In the 1920s, KESC advertised power supply, Burmah Oil motor lubricants, and Murree Brewery its Lion Brand Pilsener (“highly recommended”). In the 1930s, customers were encouraged to buy shoes made by the Harijan Institute, Karachi. In the 1940s, Bert’s Hall & School of Dancing of­­fered classes for adults and children, Ca­­r­lton Hotel assured “Comfort and Courtesy”, and Glaxo guaranteed “bonnie babies”.

In the 1950s, KLM’s Royal route comp­e­ted with Orient Airways, and BOAC’s Comet Jetliner Service to London took 15 hours, via Cairo and Rome. Café Mexicano on Vi­­ctoria Road saluted the martyrs of the 1857 struggle for independence. And the Palace cinema advertised Elvis Presley’s latest film, Loving You, in air-conditioned luxury.

The 1960s reflected the trend towards consumerism, with ads for beauty products, detergents, building materials, generators, Sui Gas, and encouragement by the GOP’s commerce ministry to look east: “Exotic East Pakistan is waiting for you.”

By the 1970s, banks exhorted Pakistanis to “Work Harder”, to “Earn More”, and to “Export More”.

Religious posters were popular. Some depicted shrines in Najaf and Baghdad, others local dargahs of aulia and saints in Pakistan and India. Even an unknown Nori Bori Wali Sarkar buried near Lahore merited one print run.

Perhaps the most intriguing items in the Nensey collection are the matchbox labels. Singers like Gauhar Jan, who cut the first record in India, Laila Begum and Oomrao Jan gained free publicity, their allure heightened by the gratuitous assertion that their portraits were printed in Czecho­slovakia, Japan, and Sweden respectively.

The advantages of volume made match covers a cheap vehicle for conveying political ideas and propaganda, especially during the mid-1940s. Pro-British manufacturers used images of a British queen riding her horse at full gallop, holding the Union Jack aloft. Patriotic Indians countered with portraits of Rani Lak-shmibai Newalkar of Jhansi, riding her horse Baadal.

No set of such ma­­tchbox covers would have been complete without an image of Mahatma Gandhi. The manufacturer — A.E. Matcheswala — depicts Gandhi waving an early version of the tricolour flag, but with his spinning wheel where the Ashoka’s chakra is today.

One suspects that more of our history lies undisturbed in attics than in museums or public archives. A celebrated recent discovery of a cache of paintings occurred in 1979 when Dr Mildred Archer discovered an al­­bum commissioned between 1815 and 1819 by a British civil servant, William Fraser.
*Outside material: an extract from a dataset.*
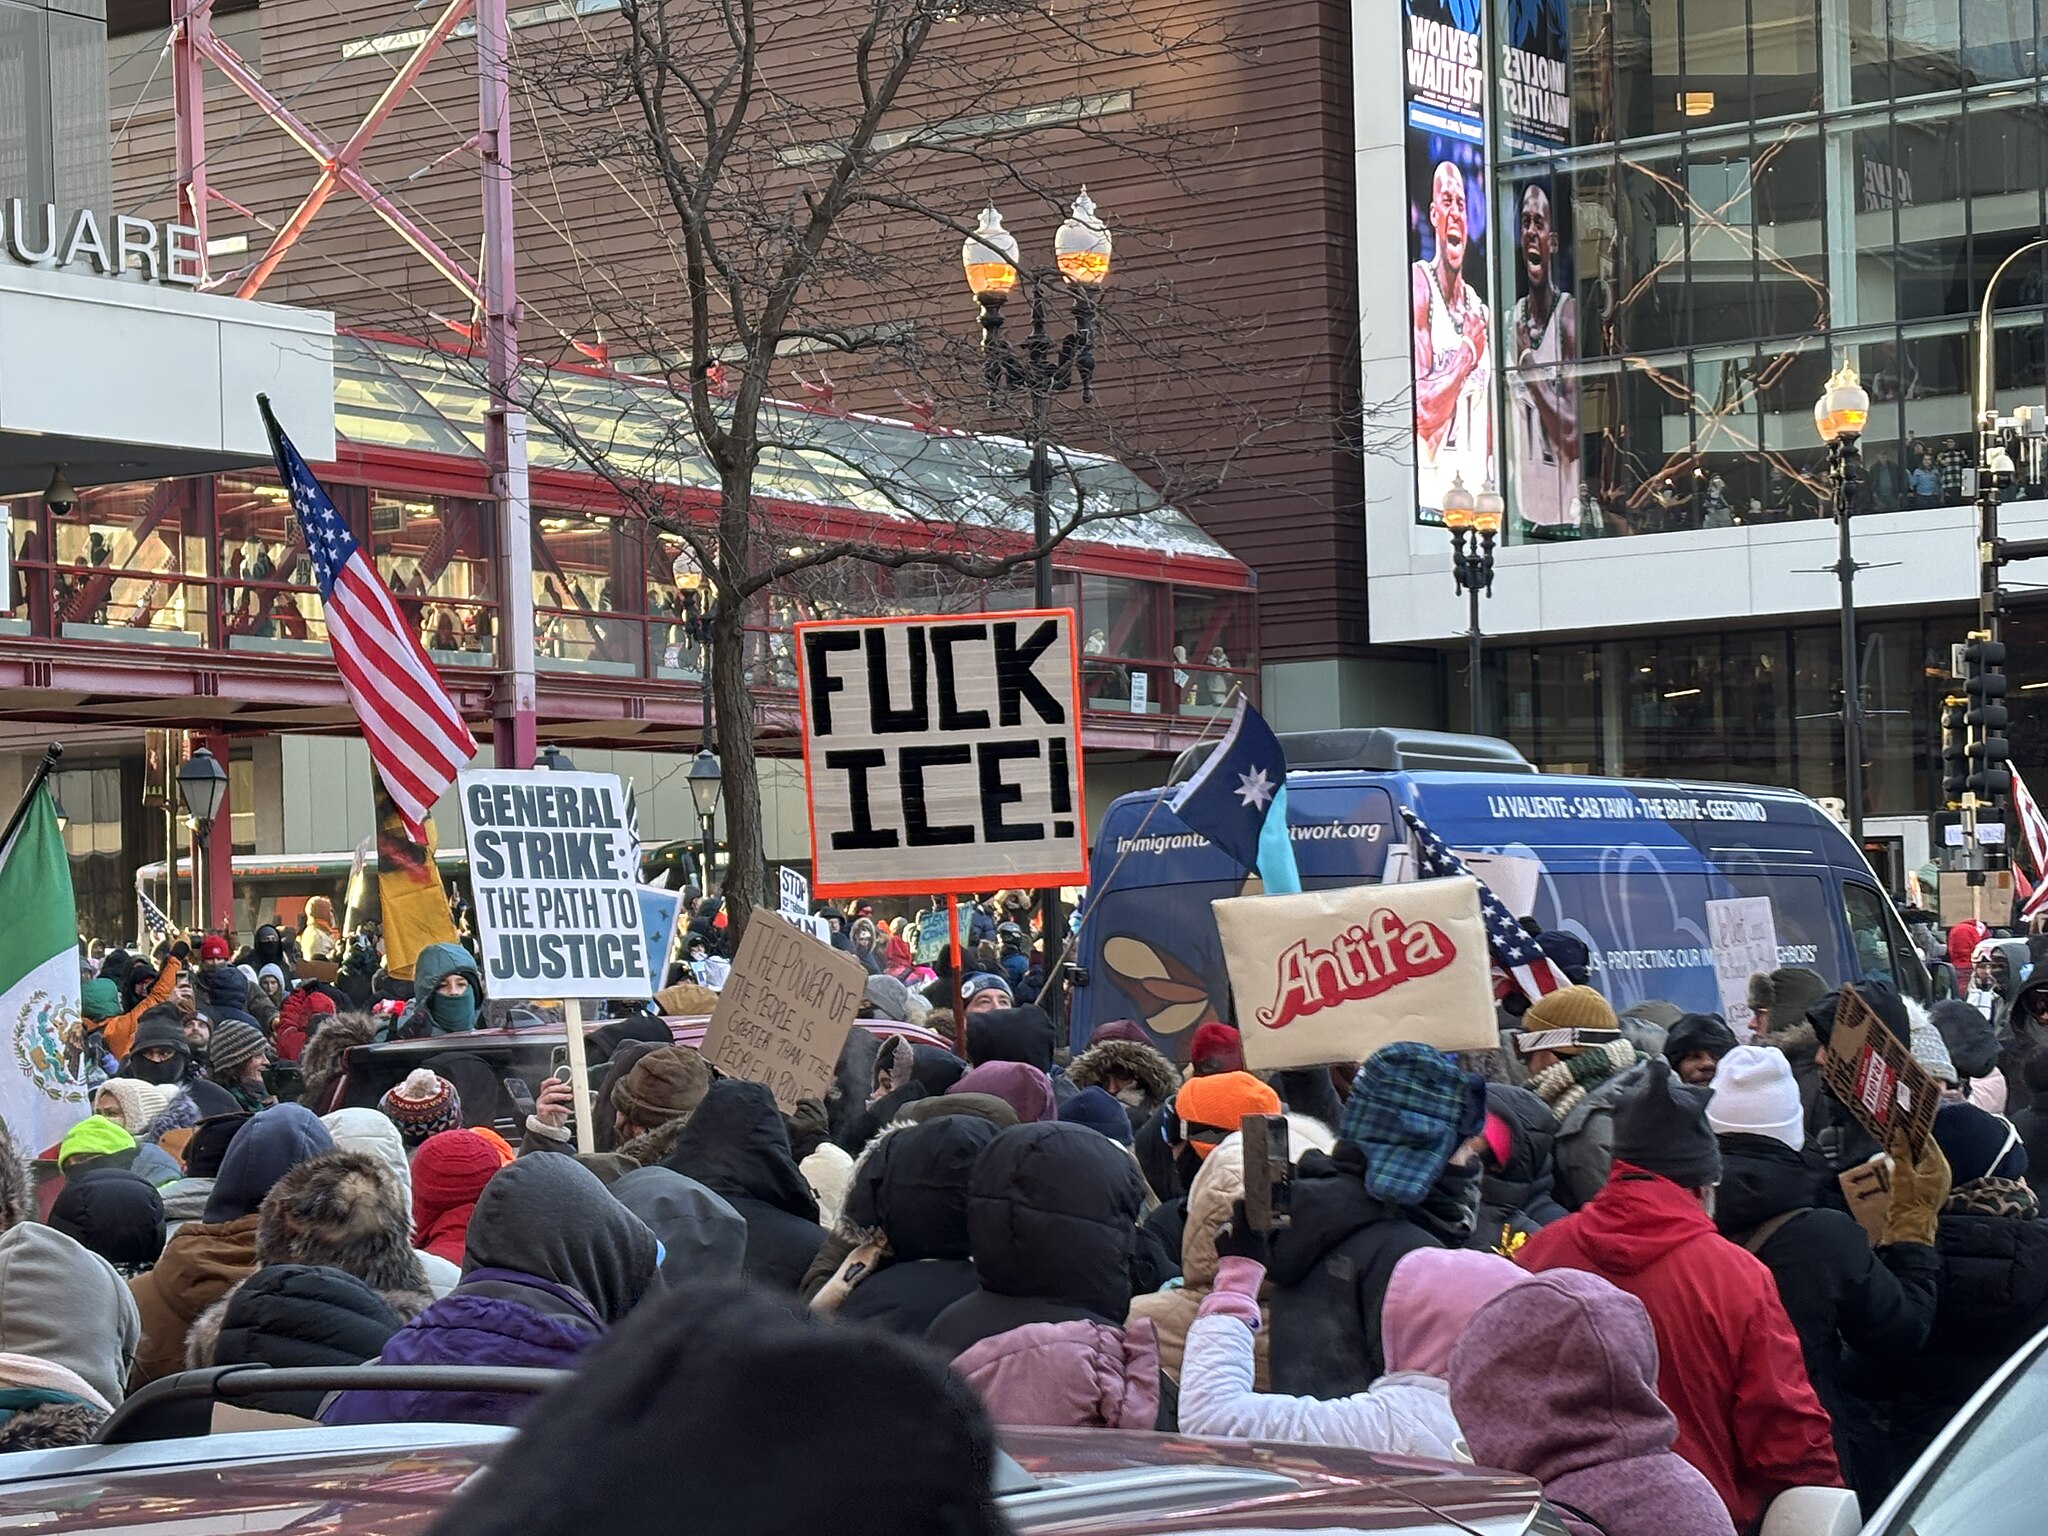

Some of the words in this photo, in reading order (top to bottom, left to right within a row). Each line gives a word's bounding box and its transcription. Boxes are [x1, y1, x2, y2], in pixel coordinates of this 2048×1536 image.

It contained portraits done by Indian artists (among them a Mughal-trained painter Ghulam Ali Khan and his brother Faiz) of “villagers, soldiers, holy men, dancing women, Afghan horse-dealers, ascetics, and Indian nobles”.

There were originally over 90 paintings and drawings in the album and it constituted a precious ethnographic record. The Fraser family chose to cannibalise and auction the album. One page from this album — of Fraser’s Kathiawari horse Puch Kuleean — sold this year for £241,700.

Postcards and ephemera may never fetch such prices. They do not need to. Their value lies in their place in our jigsaw history. The gaps that remain are being filled by our imaginative politicians.